Negada a liberdade de inovar e fornecer os melhores
serviços possíveis aos consumidores sem antes de cumprir uma série de
requisitos burocráticos e regulatórios, a indústria ferroviária ficou amarrada
e definhou.
Em 1980, os impactos negativos já eram visíveis
demais até mesmo para o governo, que não mais podia ignorá-los. A ICC foi
abolida. Imediatamente em seguida, a indústria ferroviária se recuperou. Não
apenas as tarifas de frete e os custos operacionais gerais diminuíram, como
também as ferrovias finalmente conseguiram voltar a apresentar lucros — algo
que havia se tornado raro após a criação da ICC.
Em outras palavras, a abolição da agência reguladora
resultou em uma situação de ganhos mútuos para todos os lados envolvidos.

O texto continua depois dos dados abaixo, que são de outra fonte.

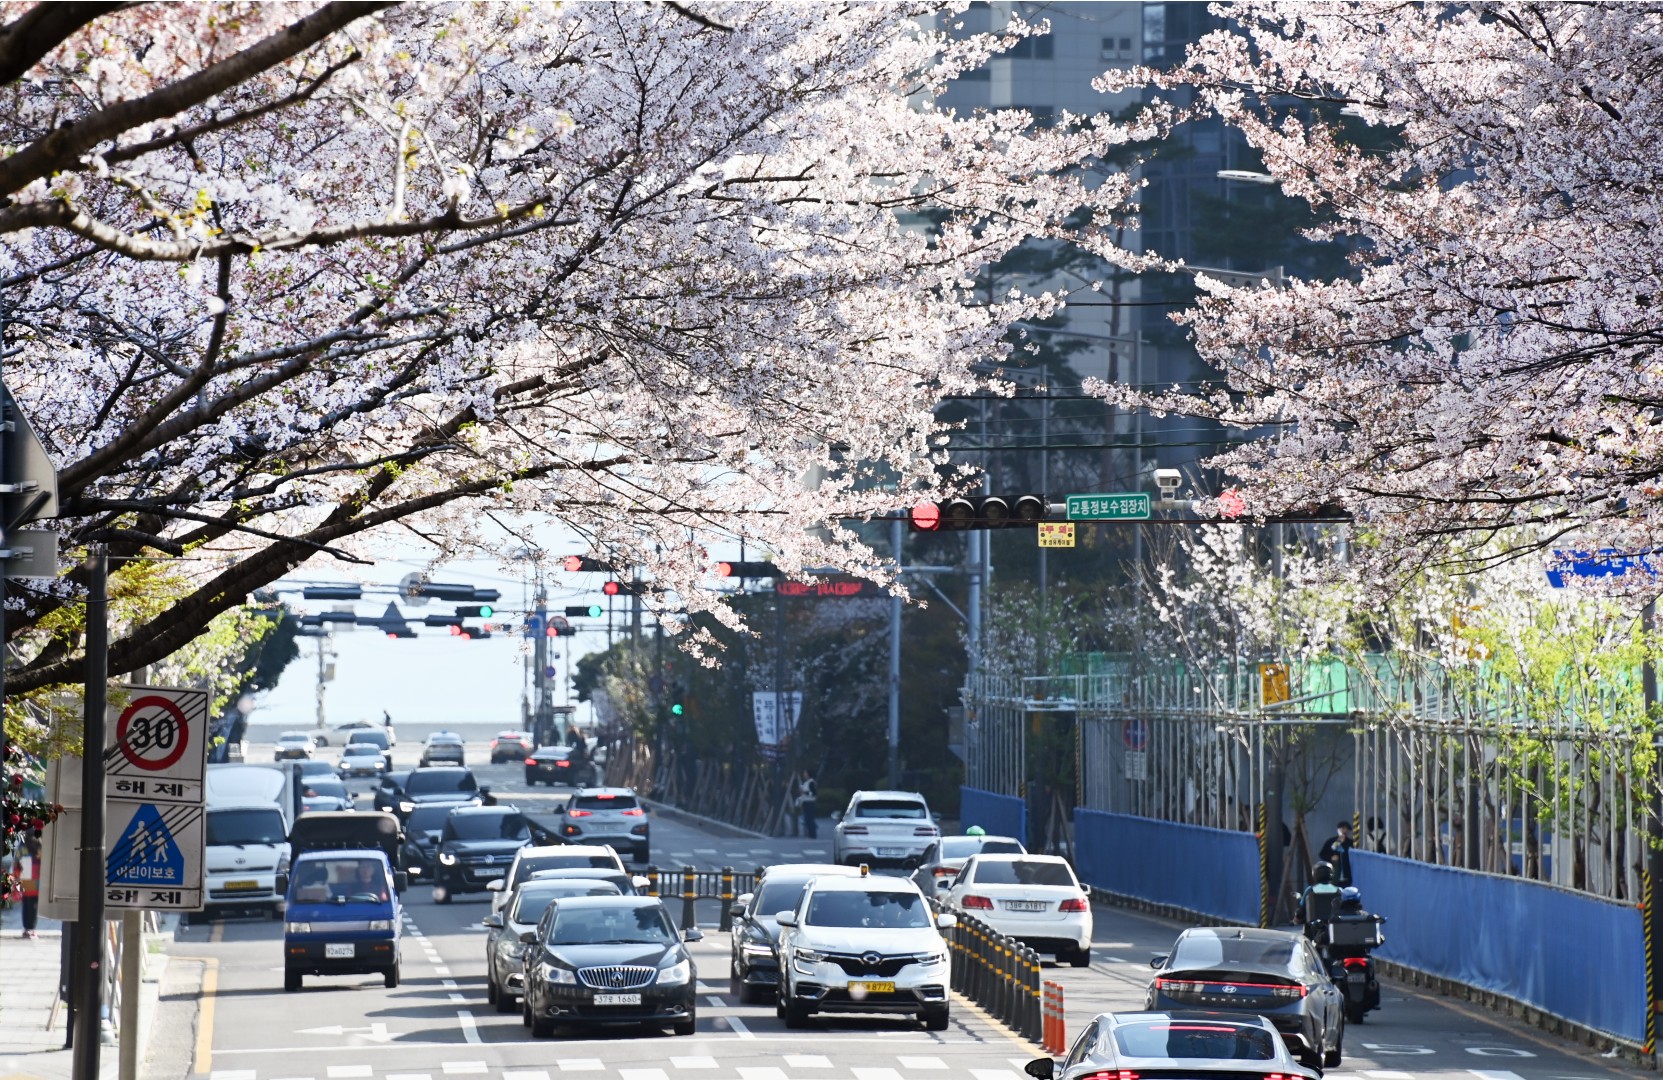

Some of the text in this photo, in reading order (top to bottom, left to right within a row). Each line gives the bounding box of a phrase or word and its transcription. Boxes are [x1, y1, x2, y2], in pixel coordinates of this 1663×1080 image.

[1071, 499, 1147, 515] 교통정보수집장치
[132, 717, 175, 749] 30
[116, 865, 176, 880] 어린이보호
[872, 983, 892, 991] 8772
[617, 994, 637, 1003] 1660
[1361, 1043, 1538, 1057] 50

E
parece que o mesmo está acontecendo com a revogação da neutralidade de rede.
Vamos
confessar que melhorou
Se fossemos levar a sério toda a azáfama feita no
fim de 2017, era para hoje o céu já ter desabado e a internet estar ou obsoleta
ou exorbitantemente cara devido à falta de regulação.

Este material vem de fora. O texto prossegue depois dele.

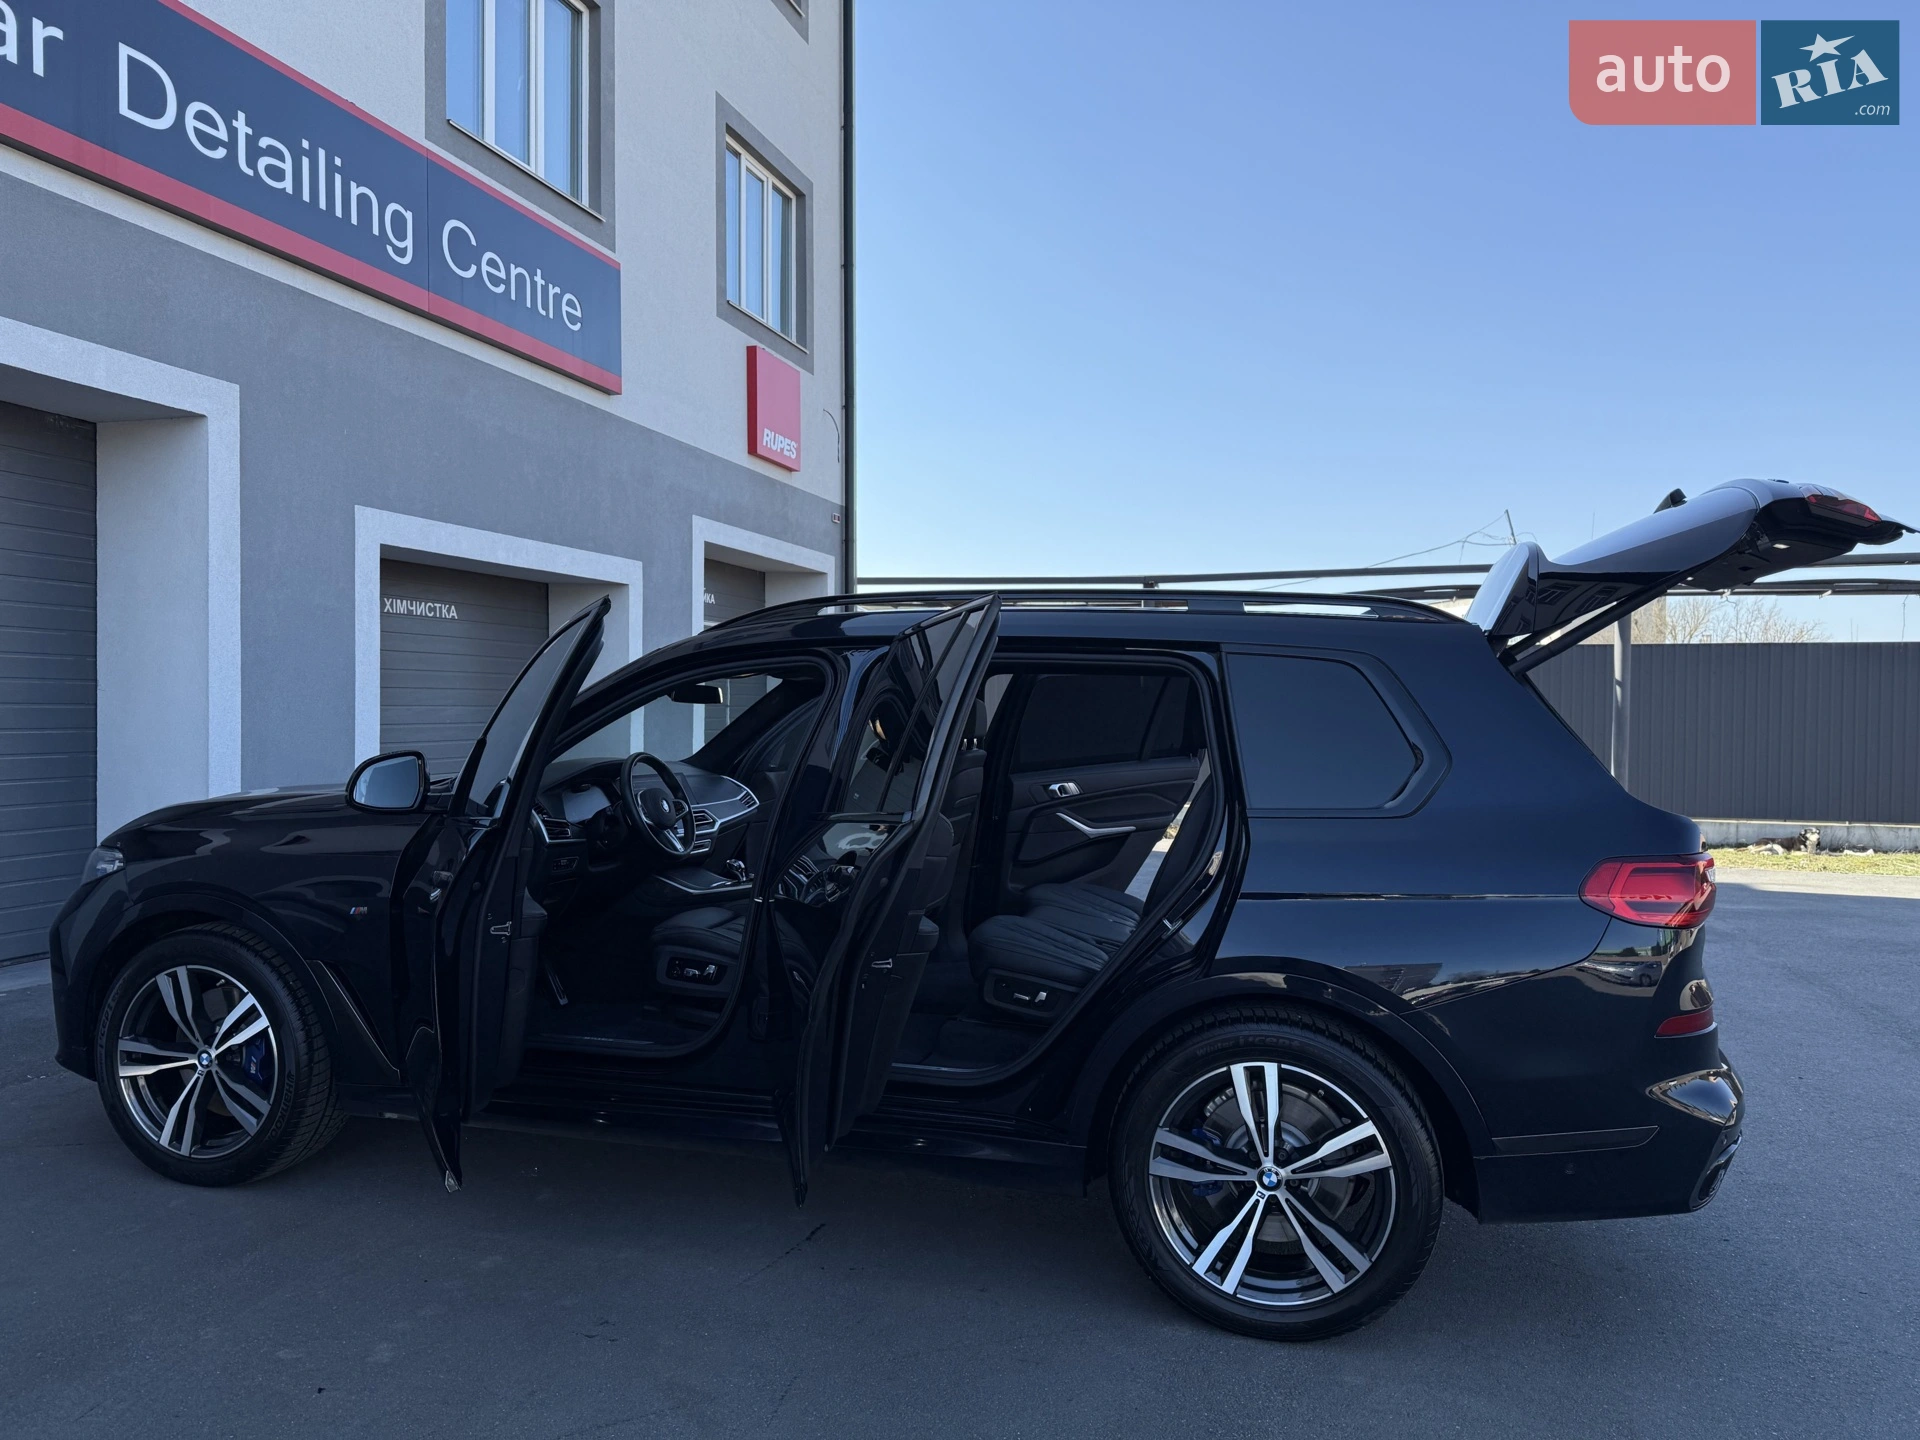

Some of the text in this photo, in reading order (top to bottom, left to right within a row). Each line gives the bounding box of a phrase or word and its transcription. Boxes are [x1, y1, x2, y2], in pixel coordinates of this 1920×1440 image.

[118, 42, 414, 265] Detailing
[442, 219, 584, 332] Centre
[762, 427, 797, 459] RUPES
[383, 597, 458, 619] ХІМЧИСТКА

No entanto, em vez de custos disparando ou
velocidades de conexão diminuindo, as coisas na verdade melhoraram bastante.
De acordo com o site Recode, de notícias sobre
tecnologia, as velocidades de internet aumentaram aproximadamente 40% desde que
a neutralidade de rede foi abolida. Não mais restringidas pelas regulações estatais,
os provedores de internet ficaram livres para expandir suas redes de fibra
ótica, o que permitiu maiores velocidades:
Finalmente
boas notícias: a internet está se tornando mais rápida, especialmente a
internet de banda larga fixa. Desde o ano passado, as velocidades de download
em banda larga aumentaram 35,8% e as velocidades de upload aumentaram 22%, de
acordo com o ultimo relatório da empresa Ookla, que testa velocidades de
internet.
Agora, seria de se esperar que esse tipo de notícia
faria com que aquelas pessoas que trabalharam tão diligentemente para espalhar
o medo tivessem a humildade de vir a público e escrever artigos dizendo "oops,
estávamos errados, desculpe". Mas
não, isso não ocorreu.
A revista Wired,
que publicou vários artigos defendendo a neutralidade de rede e espalhando
temores, de fato publicou um artigo intitulado "Um
ano sem a Neutralidade de Rede: sem grandes mudanças (ainda)", no qual
admite que nenhuma das previsões catastrofistas se tornou realidade. Porém, ela
ainda se apega à paradoxal crença de que uma internet livre de regulações e
burocracias não é uma internet realmente livre.
Para
concluir
Como disse Jeffrey Tucker em seu artigo de novembro de 2017,
"o fim da neutralidade de rede é, até então, a melhor iniciativa de desregulamentação
já tomada pelo governo Trump. Devemos sempre aproveitar toda e qualquer
desregulamentação que eventualmente ocorra. É algo raro."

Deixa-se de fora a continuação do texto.